You can also provide expression data not in a edgeR or voom object with counts, meta, and optionally genes
If your data have different variable names, use libraryID and geneID to change them

Gene set enrichment

Hypergeometric / pathway enrichment / Fisher’s exact test

These functions use the outputs from SEARchways::BIGprofiler and SEARchways::flexEnrich.

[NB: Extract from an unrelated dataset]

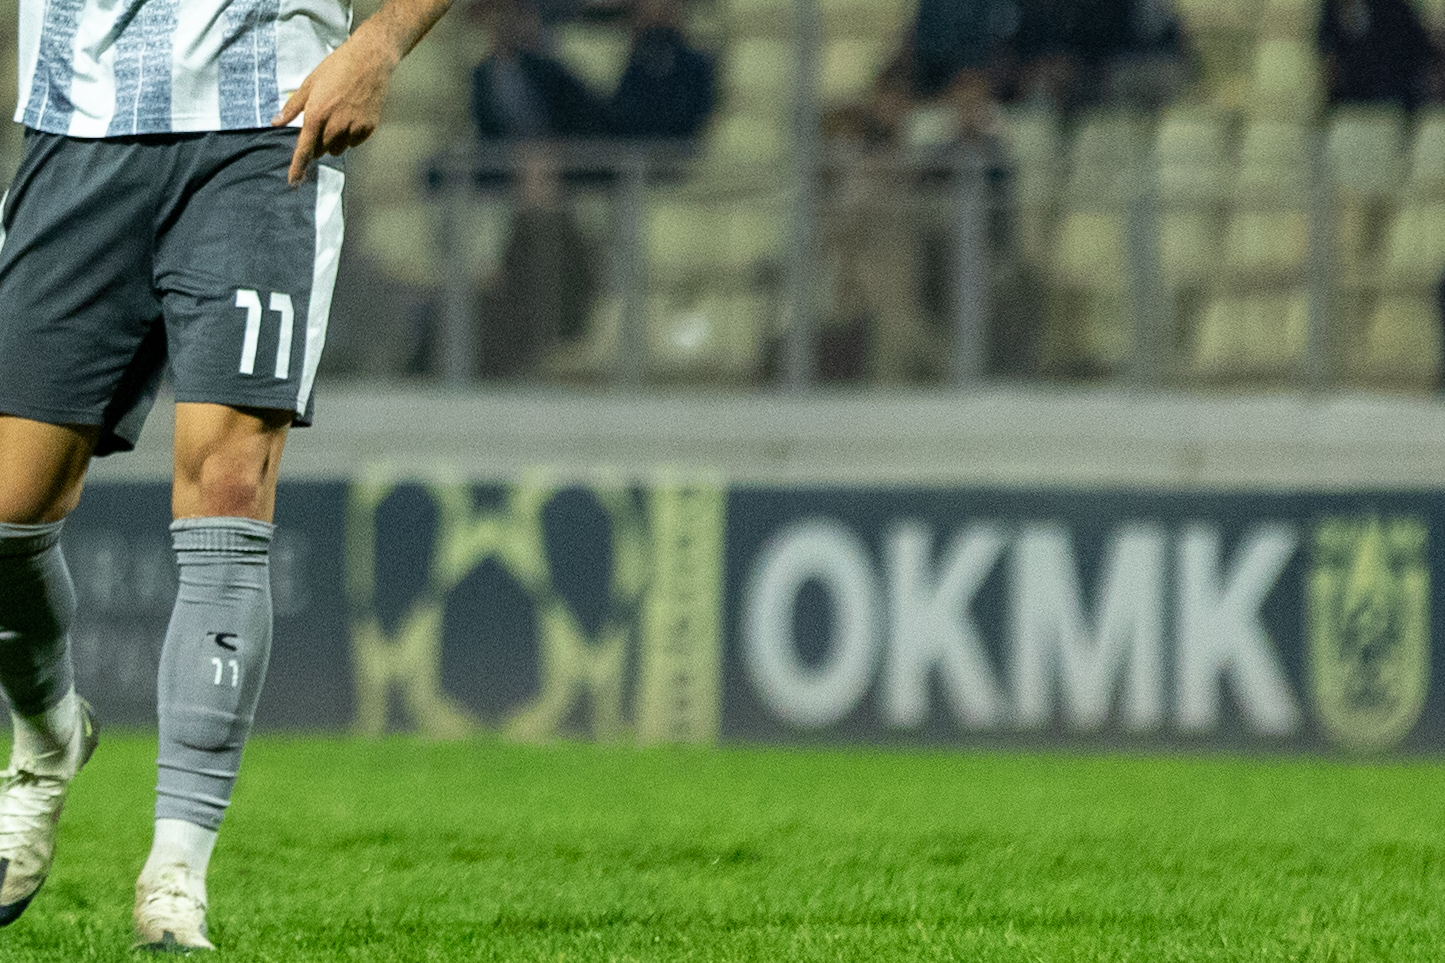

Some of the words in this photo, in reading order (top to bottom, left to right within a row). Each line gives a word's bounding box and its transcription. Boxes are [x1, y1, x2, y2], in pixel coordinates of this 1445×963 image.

[235, 289, 294, 379] 11
[744, 516, 1302, 733] OKMK
[211, 657, 239, 688] 11
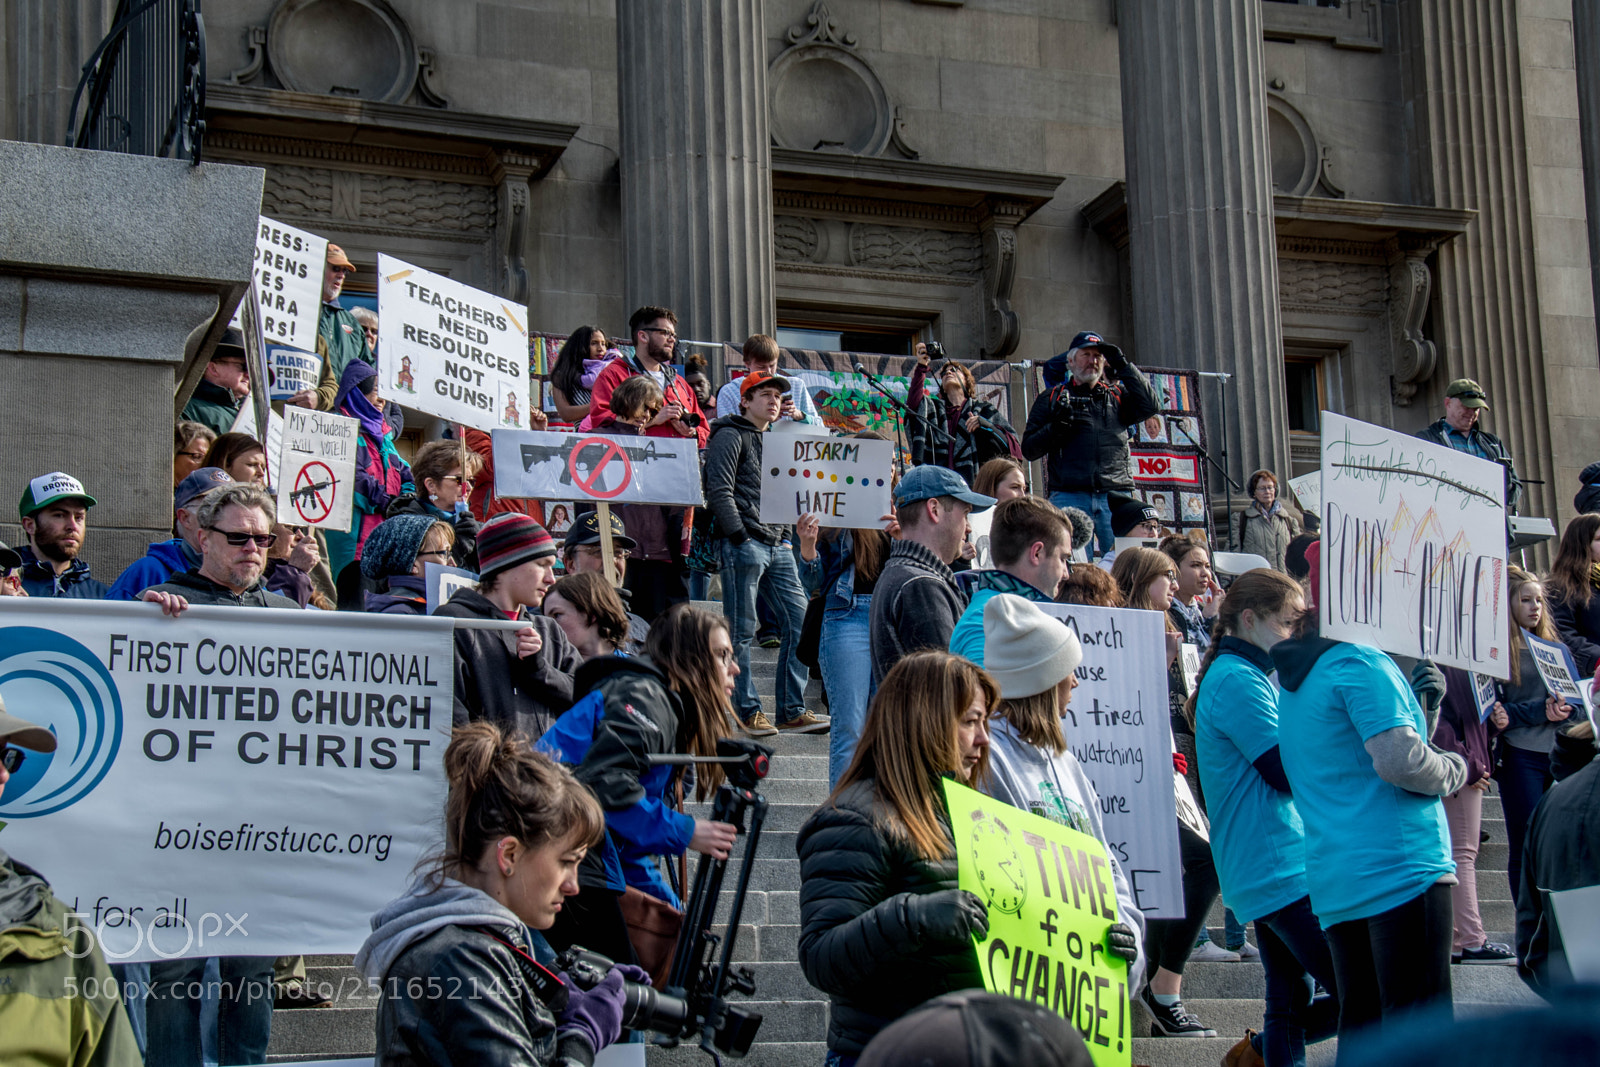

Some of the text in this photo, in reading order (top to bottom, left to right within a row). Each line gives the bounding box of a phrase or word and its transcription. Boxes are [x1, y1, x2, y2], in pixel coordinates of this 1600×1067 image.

`plot_enrich2`: Lollipop plot

The default plot for plot_enrich2 is what we call a lollipop plot, and it only shows results with FDR < 0.2.

plot_enrich2(df = enrich)

`plot_enrich2`: Dotplot

Change the chart_style to a dotplot

plot_enrich2(df = enrich,
             fdr_cutoff = 0.3,
             chart_style = "dot")

Use an outline to denote results below an FDR cutoff. Note this only applies to dotplots.

plot_enrich2(df = enrich,
             fdr_cutoff = 0.3,
             chart_style = "dot",
             dot_sig_cutoff = 0.2)

`plot_enrich2`: Barplot

Change the chart_style to a barplot.

Note that barplots can only be created with a single group of enrichment results.

plot_enrich2(df = enrich %>%
               dplyr::filter(group=="HRV2"),
             fdr_cutoff = 0.3,
             chart_style = "bar")

`plot_enrich2`: Shared parameters

You can change the FDR cutoff and/or FDR colors groups.

plot_enrich2(df = enrich,
             fdr_cutoff = 0.3,
             fdr_binned_colors = c(0.2, 0.3, 1))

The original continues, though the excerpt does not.